City searches for answer on biosolids
Posted on Thursday, August 28, 2008
The city is still looking into an alternative, long-term solution for its biosolid disposal, but Dave Jurgens, Fayetteville's water and wastewater director, said that progress has been made on the city's short-term solution.
Jurgens said the city is currently negotiating a cheaper contract to deliver its biosolids to a Waste Management landfill near Russellville.
On Tuesday morning, Jurgens received a call from American Environmental Corporation's landfill near Sand Springs, Okla., (the site was misidentified in a story about bio- solids in the Wednesday edition of the Northwest Arkansas Times ). The operator used to be in charge of disposing of the city's biosolids. Jurgens said he was told the landfill would no longer be taking biosolids from any of its five contracted cities.
Jurgens said in a phone interview with the Northwest Arkansas Times on Wednesday that he was told by a person at American Environmental Landfill that the site was being closed because residents nearby had raised public complaints about the smell produced by some of the biosolids at the landfill.
The waste shipped from Fayetteville was not the offending biosolid material. Jurgens said odor depends on the treatment and the timing of separation of the biosolids from the sewage. He said Fayetteville's treatment of the waste tends to produce biosolids with an "earthy smell."
Jurgens said the initial cost to send biosolids to Russellville was estimated at $ 60 per wet ton, but on Wednesday he had negotiated the price down to about $ 38 per wet ton.
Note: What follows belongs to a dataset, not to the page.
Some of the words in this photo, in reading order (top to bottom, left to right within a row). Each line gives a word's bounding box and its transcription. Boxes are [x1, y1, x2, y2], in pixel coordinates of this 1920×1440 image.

The city was only paying $ 10 per wet ton at the American Environmental landfill.
"It's still a pretty good increase over the course of a year," Jurgens said. "But it's less than we expected."
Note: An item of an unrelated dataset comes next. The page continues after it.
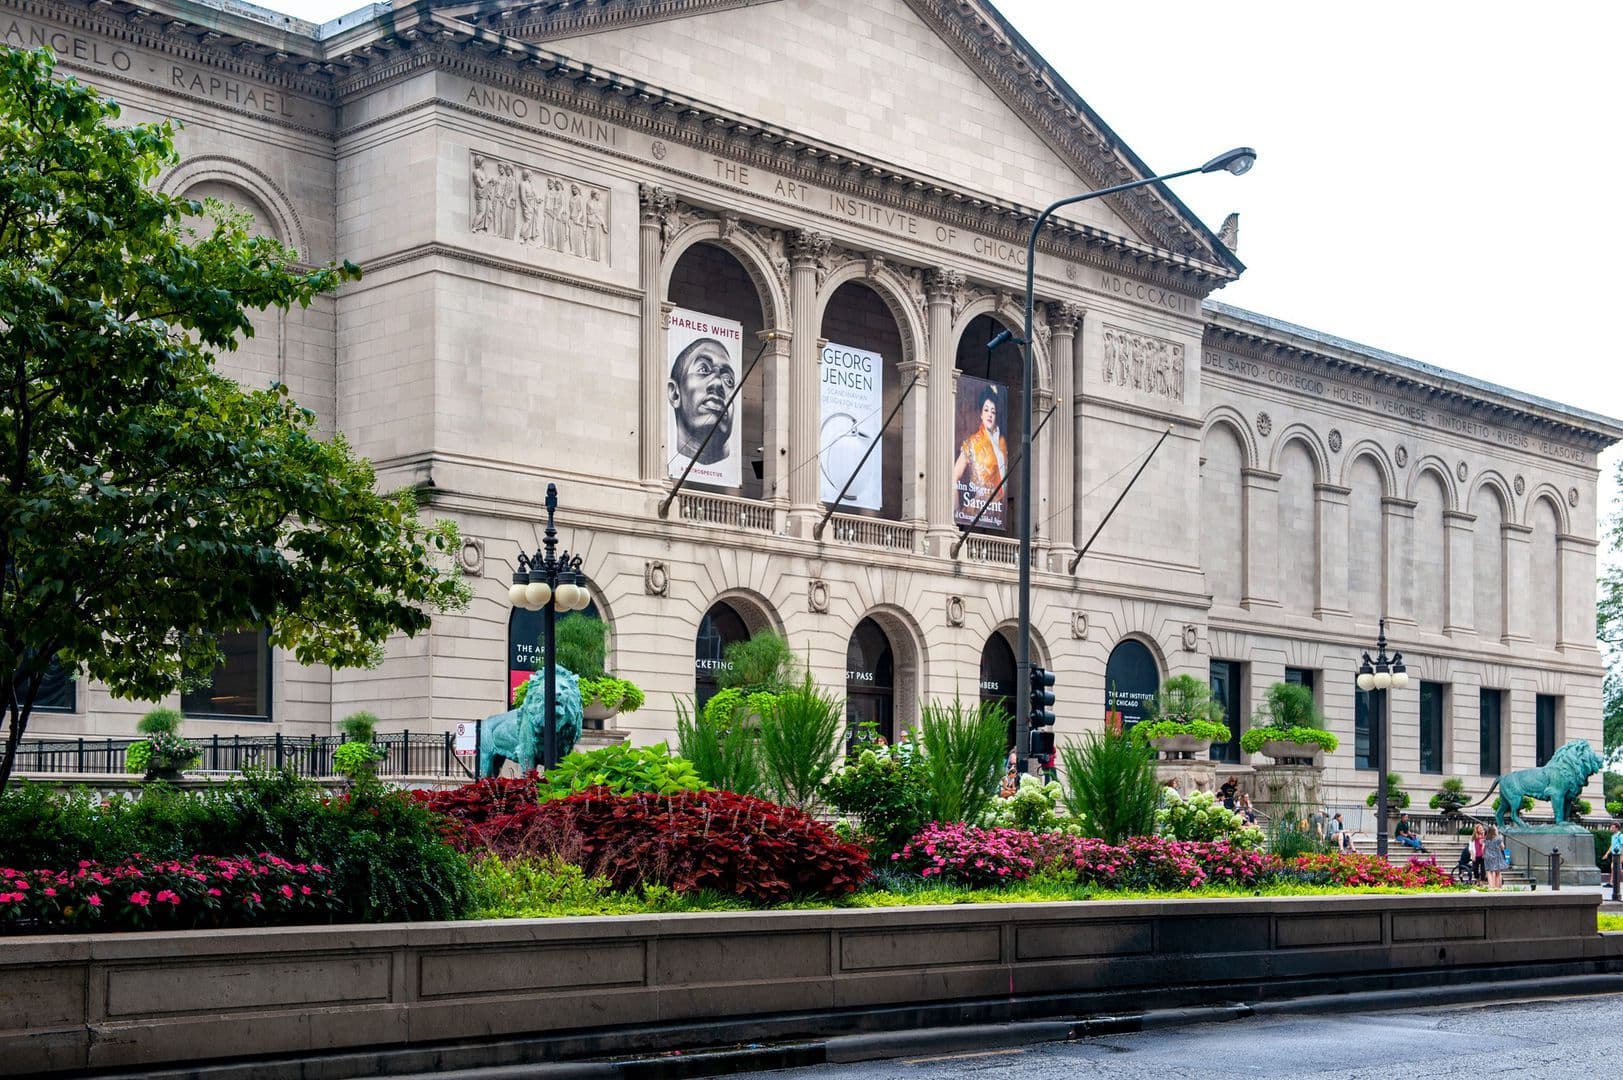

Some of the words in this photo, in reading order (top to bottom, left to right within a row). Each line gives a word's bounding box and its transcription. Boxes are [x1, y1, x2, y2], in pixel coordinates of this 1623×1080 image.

Jurgens also said the American Environmental Corporation hopes to reopen the Sand Springs landfill within three to four months, and Fayetteville could start delivering the biosolids there again.
That still doesn't change the fact that the city needs to find alternative ways to dispose of the biosolids. Jurgens said the concept of recycling the waste and using it as fertilizer is not off the table. The city as well as the contracted company, Operation Management International, that runs the city's wastewater treatment are both looking into ways to avoid sending biosolids to landfills.
Jurgens stressed that the term preliminary definitely applies to the idea of drying the waste via several stages, but he hopes to present some ideas to the City Council at the Sept. 2 meeting. Jurgens said he will also request that the city get an independent party to study how to produce more viable, long-term solutions to disposing of biosolids.